------ Records for this task ------
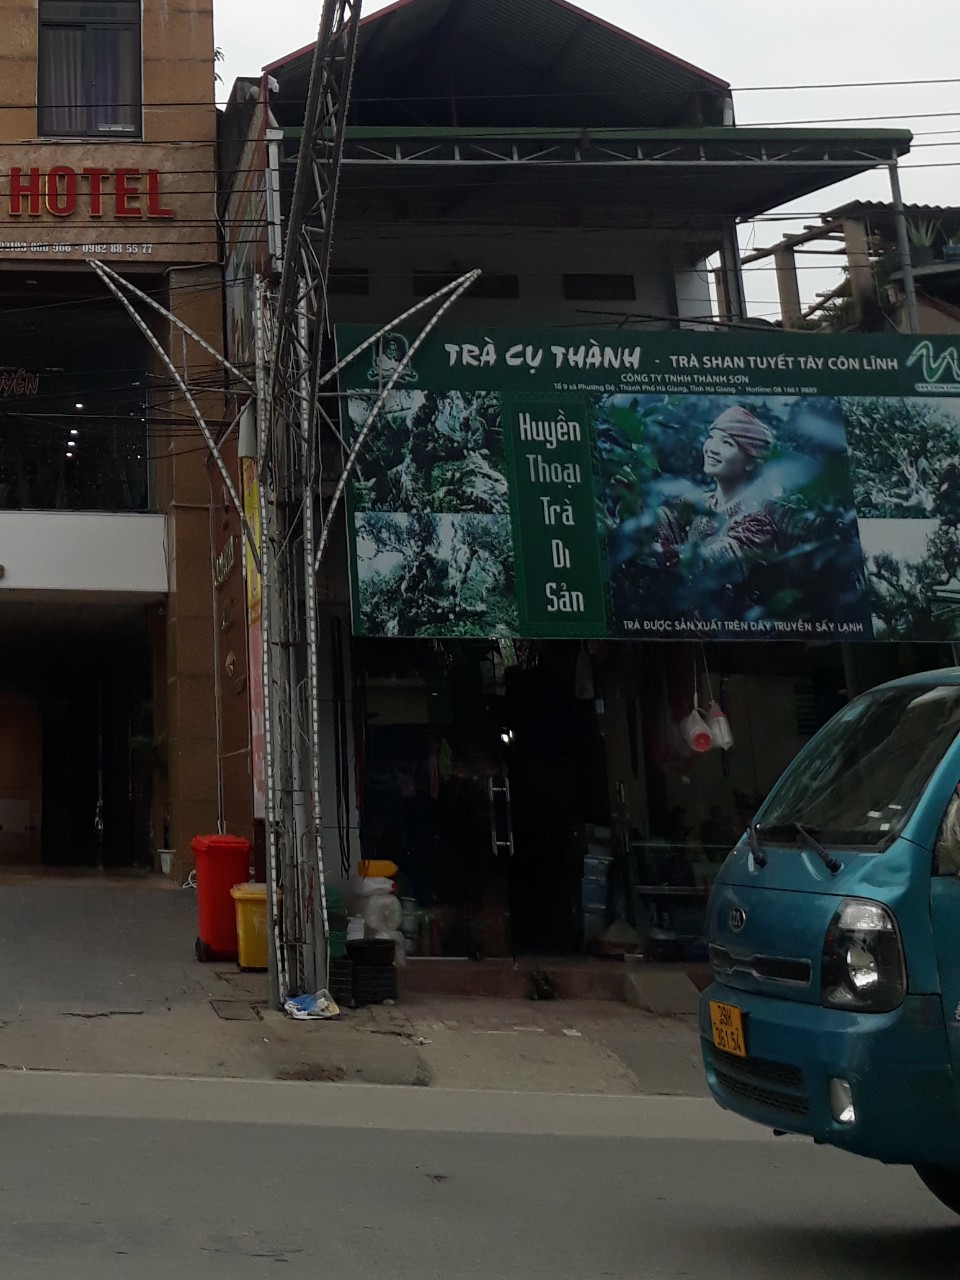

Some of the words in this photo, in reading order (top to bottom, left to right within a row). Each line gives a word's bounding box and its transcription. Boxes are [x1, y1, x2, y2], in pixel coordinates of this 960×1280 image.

[8, 166, 174, 219] HOTEL
[82, 243, 107, 253] 0982
[110, 243, 123, 253] 88
[126, 244, 138, 254] 55
[142, 244, 152, 254] 77
[444, 336, 497, 367] TRÀ
[505, 343, 543, 374] CỤ
[550, 338, 641, 369] THÀNH
[669, 353, 699, 368] TRÀ
[702, 355, 744, 369] SHAN
[747, 353, 794, 370] TUYẾT
[799, 354, 825, 370] TÂY
[828, 354, 859, 370] CÔN
[863, 355, 898, 370] LĨNH
[620, 372, 648, 382] CÔNG
[650, 373, 662, 383] TY
[664, 373, 690, 383] TNHH
[693, 373, 727, 384] THÀNH
[729, 374, 749, 384] SƠN
[715, 385, 736, 394] Giang
[518, 408, 581, 450] Huyền
[526, 454, 581, 489] Thoại
[540, 496, 575, 525] Trà
[551, 538, 571, 568] Di
[545, 582, 584, 612] Sản
[623, 618, 640, 630] TRÀ
[674, 617, 695, 631] SẢN
[723, 618, 748, 631] TRÊN
[750, 619, 772, 631] DÂY
------
Task brief >> Transcribe the whole of the data exactly, minus any pictures.

Output for this task >>
Some of the words in this photo, in reading order (top to bottom, left to right within a row). Each line gives a word's bounding box and its transcription. Boxes are [x1, y1, x2, y2], in pixel coordinates of this 960×1280 image.

[8, 166, 174, 219] HOTEL
[82, 243, 107, 253] 0982
[110, 243, 123, 253] 88
[126, 244, 138, 254] 55
[142, 244, 152, 254] 77
[444, 336, 497, 367] TRÀ
[505, 343, 543, 374] CỤ
[550, 338, 641, 369] THÀNH
[669, 353, 699, 368] TRÀ
[702, 355, 744, 369] SHAN
[747, 353, 794, 370] TUYẾT
[799, 354, 825, 370] TÂY
[828, 354, 859, 370] CÔN
[863, 355, 898, 370] LĨNH
[620, 372, 648, 382] CÔNG
[650, 373, 662, 383] TY
[664, 373, 690, 383] TNHH
[693, 373, 727, 384] THÀNH
[729, 374, 749, 384] SƠN
[715, 385, 736, 394] Giang
[518, 408, 581, 450] Huyền
[526, 454, 581, 489] Thoại
[540, 496, 575, 525] Trà
[551, 538, 571, 568] Di
[545, 582, 584, 612] Sản
[623, 618, 640, 630] TRÀ
[674, 617, 695, 631] SẢN
[723, 618, 748, 631] TRÊN
[750, 619, 772, 631] DÂY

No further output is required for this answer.